Customizable Reward Space
Kautenja opened this issue · comments
The reward space is statically defined in the super-mario-bros lua file. Is there a way to parameterize the different elements of the reward space to access through the Python API? For instance
- optional move right reward
- optional time penalty
- optional death penalty
- optional points reward
- optional coins reward
the new lockstep implementation supports this very naturally using environment keys. at setup the reward scheme can be specified and the Lua script can then construct the reward mapping function get_reward
dynamically.
A better idea is probably just to send all the streams of data to python and define gym wrappers there for specifying reward.

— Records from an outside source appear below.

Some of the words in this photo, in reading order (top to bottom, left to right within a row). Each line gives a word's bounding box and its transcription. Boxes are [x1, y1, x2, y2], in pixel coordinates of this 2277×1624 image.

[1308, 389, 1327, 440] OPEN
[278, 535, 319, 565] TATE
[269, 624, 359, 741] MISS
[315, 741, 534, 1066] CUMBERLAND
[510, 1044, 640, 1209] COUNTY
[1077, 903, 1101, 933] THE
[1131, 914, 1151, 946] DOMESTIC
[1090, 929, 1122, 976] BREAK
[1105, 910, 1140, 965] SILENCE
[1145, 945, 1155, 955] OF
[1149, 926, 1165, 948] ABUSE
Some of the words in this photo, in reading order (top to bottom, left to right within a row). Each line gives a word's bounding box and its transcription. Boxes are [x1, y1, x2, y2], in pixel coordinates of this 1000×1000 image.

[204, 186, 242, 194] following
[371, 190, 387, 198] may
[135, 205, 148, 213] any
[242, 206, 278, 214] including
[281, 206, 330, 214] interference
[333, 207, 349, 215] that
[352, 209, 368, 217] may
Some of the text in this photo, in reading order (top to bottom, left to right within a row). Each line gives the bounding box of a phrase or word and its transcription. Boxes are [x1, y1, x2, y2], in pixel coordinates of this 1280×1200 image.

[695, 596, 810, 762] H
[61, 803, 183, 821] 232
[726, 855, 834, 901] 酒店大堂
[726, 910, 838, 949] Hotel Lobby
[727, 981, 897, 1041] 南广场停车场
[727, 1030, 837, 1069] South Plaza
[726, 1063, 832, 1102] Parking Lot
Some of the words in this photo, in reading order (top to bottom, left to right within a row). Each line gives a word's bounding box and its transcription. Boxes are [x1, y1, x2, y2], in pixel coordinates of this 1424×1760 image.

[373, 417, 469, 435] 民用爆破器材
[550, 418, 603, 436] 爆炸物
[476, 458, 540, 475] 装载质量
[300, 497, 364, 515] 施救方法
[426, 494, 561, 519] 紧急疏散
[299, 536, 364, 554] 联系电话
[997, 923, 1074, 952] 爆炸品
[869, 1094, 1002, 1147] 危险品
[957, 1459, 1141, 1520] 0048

This allows end users to define custom reward schemes and keeps things simple. It would only require about 12 bytes to send all streams of potential reward data.
Name | Range | bytes |
---|---|---|
score | [0, 999990] | 6 |
coins | [0, 99] | 1 |
lives | {-1, 0} | 1 |
x position | (-infty, infty) | 2 |
flagpole / axe get | {0, 1} | 1 |
time | [-300, 0] | 1 |
x position is realistically bounded in something like [0, 4000]. ppaquette's implementation has a table of the max x values for each of the 32 levels, but irrespective 2 bytes will hold the number no problem.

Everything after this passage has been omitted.